Aside from this dealbreaking flaw, the layout is superb with the power meter at the top and four columns of fan speeds and temperatures below. There’s even a little animation to tell you which channels are active or disabled and which fans are working.
Having used a cheaper “set fan speed by noise” fan controller previously in my own PC, like many others, setting the fan speeds by exact values is very much a novelty that will bring a smile to your face. The fan speed jumps are in 60RPM jumps which is a nice median, but they are the only adjustments available. There’s no Fahrenheit option for our American friends, so I’m afraid our friends from over the pond will have to get used to reading temperatures in Celsius.
The power meter limit is 800W which should be more than enough for anyone’s current system. Even though you may have a 1,000W (or larger) PSU, the amount of power your system uses is only what it needs, minus the PSUs AC-DC conversion efficiency – which is why we put so much emphasis behind the 80plus
programme in our power supply reviews.
The most power heavy single CPU system we’ve ever come across has topped out at about 550-600W at the wall, but that’s only with a single optical and hard drive.

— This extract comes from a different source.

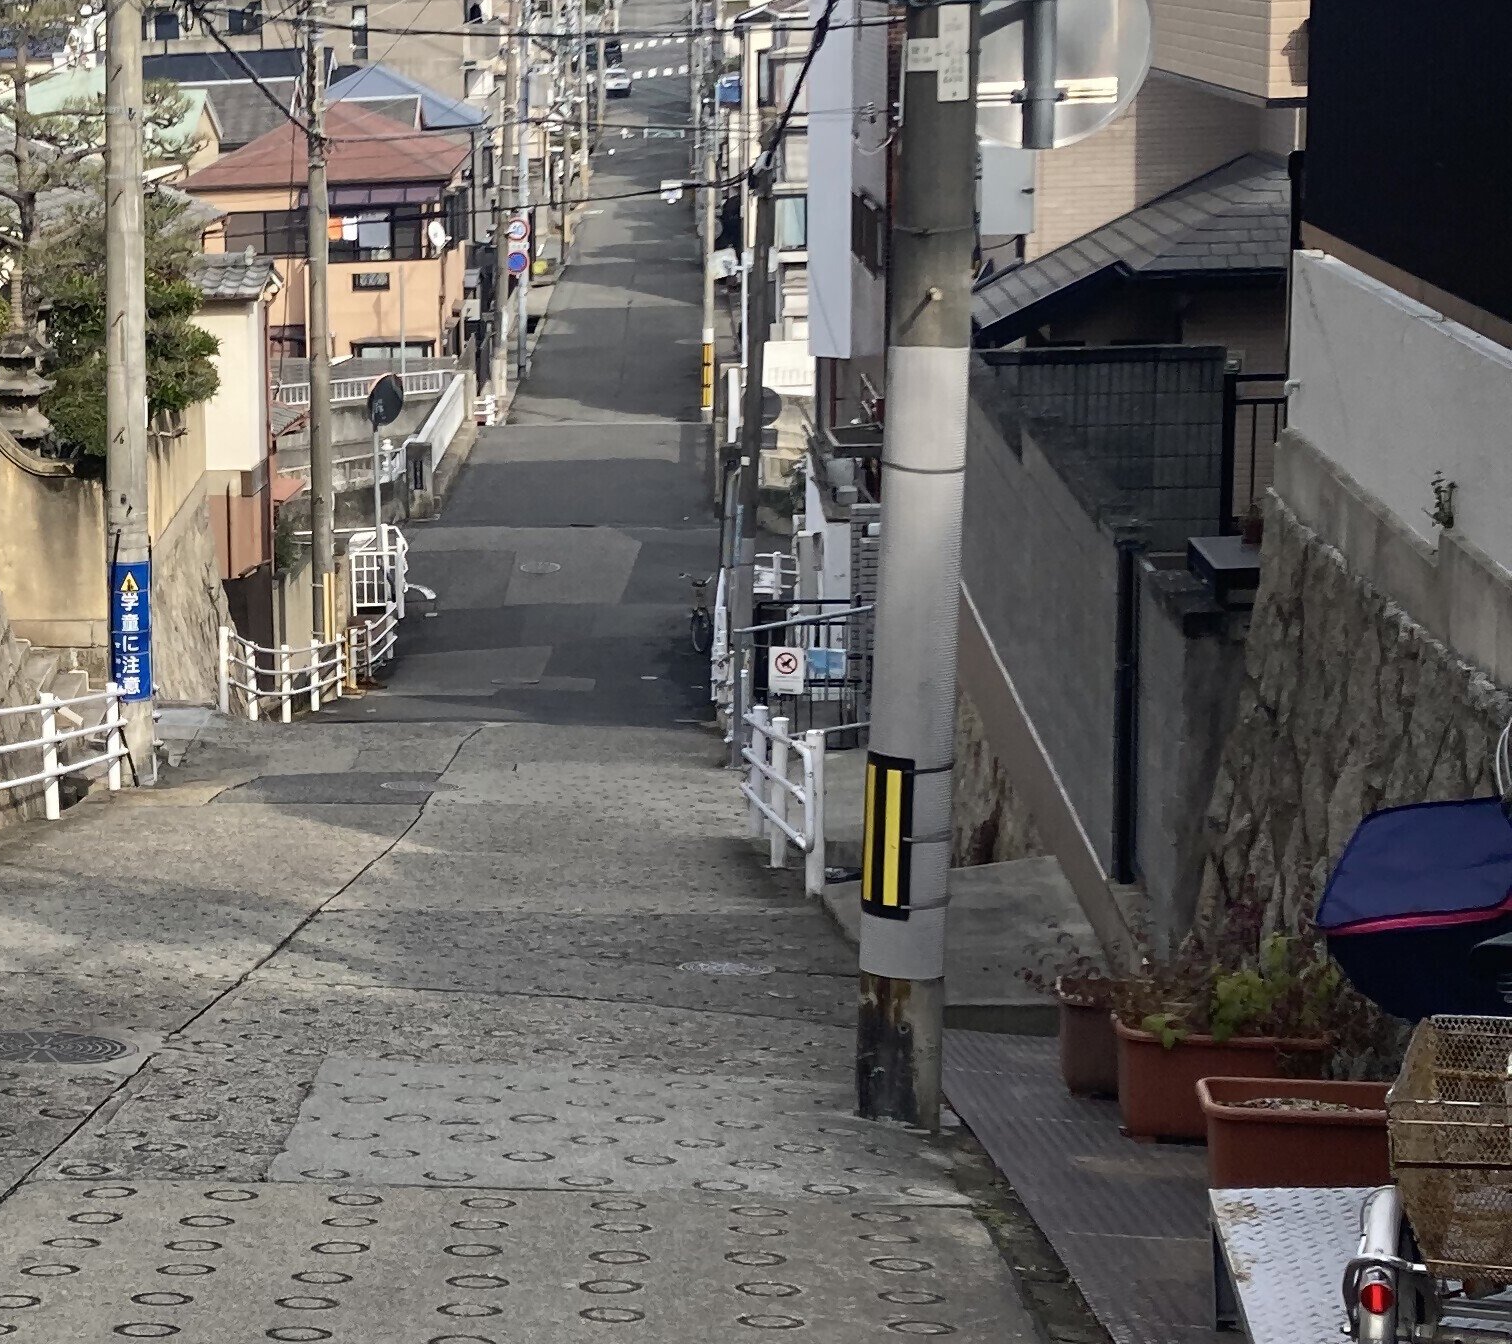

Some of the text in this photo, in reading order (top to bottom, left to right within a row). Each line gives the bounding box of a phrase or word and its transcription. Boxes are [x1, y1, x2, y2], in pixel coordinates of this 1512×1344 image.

[121, 591, 141, 695] 学童に注意

Apart from using it to tell all our readers what’s hot and what’s... hot (as in, inefficient), I can’t see any real need to know what my power usage is on a long term basis without ever changing components. If it had a facility to record the amount of time you’ve spent on the PC and what the total power usage has been during that period then that would be exceptionally useful.
Obviously power cost
differs by local region, but knowing how much has been consumed gets you half way to knowing how much your PC is costing you when it's sitting there churning away at... nothing.
There’s no in OS software for it – the unit is completely autonomous from the instant you press the power button and as a result there’s unfortunately no logging facility. This means that you won’t know if something has gone to pot when you’re away. After all, if there’s no one around, does a fan controller make a beep?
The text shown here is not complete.